Increasing the scale of production was a key to the profitability, which they could not meet at the
optimum level. Increasing the scale of operation and decreasing the per unit manufacturing cost was their
way out of economic crisis. Increasing the scale of production to 15000 cars per year and decreasing the
cost of production by $3800 per car could have done the work.
Toyota should definitely expand the scale of operation and minimize the cost of production in order to
survive in Australia and to avoid the losses. Else, it is better to leave the Australian market and shift the
production to new fuel-efficient vehicles in another country with more flexible policies.
Increasing scale of production means usage of new efficient technology to increase the efficiency in order
to manufacture more cars. Increasing the supply also means reducing the cost of bought local components
and the rates decrease with increase in supply.
The small scale of production kept the average cost of production of vehicles in Australia at higher level
and led to an adverse impact on the scale at which the component manufactured operated in Australia and
the cost at which they could supply the components.
Decreasing the cost of production incudes, the reduction if salaries and added taxes. High cost of labors
and other taxes accounts to the he high cost of production.
The necessity is to improve efficiency, to reduce the cost of manufacturing cars, to improve
organizational and manufacturing efficiencies and to maximize sales of the manufactured vehicles.
The small scale of production kept the average cost of production of vehicles at Australia at a higher level
and led to an adverse impact on the scale at which the component manufactures operated in Australia and
at the cost at which they could supply the components.
To counteract the impact of adverse external developments for the period 2012 to 2018, Toyota
implemented a companywide transformation project referred as Toyota Australia Future Business.
Transformation 26, the project aimed to improve efficiency to reduce cost of manufacturing cars by
@3800 per car to improve organizational and manufacturing efficiencies and to maximize sales of the
domestically built Camry and Aurion models.
Toyota should aim to support industries and social infrastructures around the world by continuously
supplying products and services that anticipate customers’ needs in order to contribute to engendering a
compassionate society.
In addition to placing top priority on safety, Toyota should thoroughly enforce compliance, including
observance of laws and regulations, and actively participate in social contribution activities.

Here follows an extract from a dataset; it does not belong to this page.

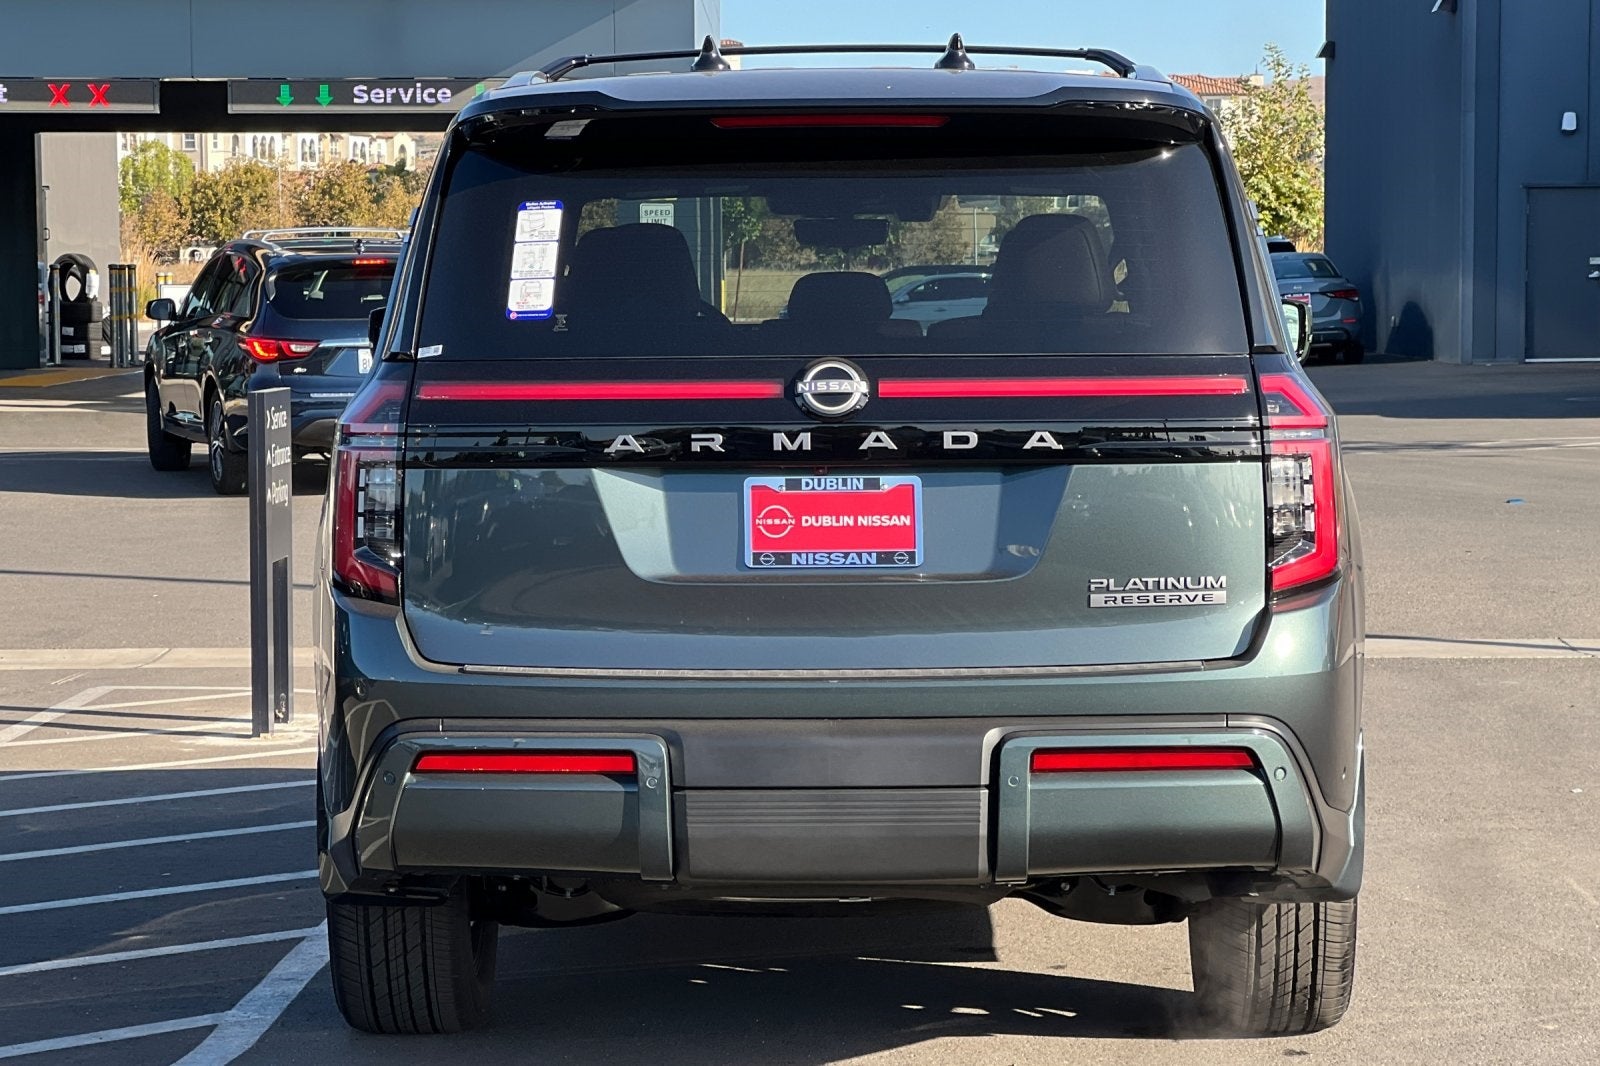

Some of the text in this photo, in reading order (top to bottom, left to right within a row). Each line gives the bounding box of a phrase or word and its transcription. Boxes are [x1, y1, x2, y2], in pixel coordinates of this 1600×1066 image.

Toyota should accelerate its business expansion into rapidly growing emerging countries by thoroughly
and meticulously monitoring market conditions in respective regions and introducing products suited to
the characteristics and needs of each market. Toyota should also strive to establish production and supply
structures to realize optimum product pricing and delivery, and to enhance the value chain to provide a
wide range of customer services in each country and region. Toyota should consider making Lexus a
priority in the Chinese market. This will enable it to become competitive with other car manufacturers in
the luxury segment. Increasing production facilities in Asia will enable Toyota to have cheaper delivery
channels and become closer to the emerging market customer. Toyota should also cut out layers of middle
management so that engineers get more authority over what specific customer needs are answered in the
design and development of a new car. Toyota should pursue the development of environmentally
conscious, energy-saving products while incorporating functions and services demanded by customers
(value chain) and delivering them to the global market. Acting on these measures, Toyota should aim for
growth in three business units, namely, “solutions” in the areas of materials handling equipment, logistics,
and textile machinery; “key components” in the fields of car air-conditioning compressors and car
electronics; and “mobility” in the domains of vehicles and engines. To support consolidated management
on a global scale, Toyota should enhance the power of the workplace and diversity in the use of human
resources, and strive to nurture global human resources.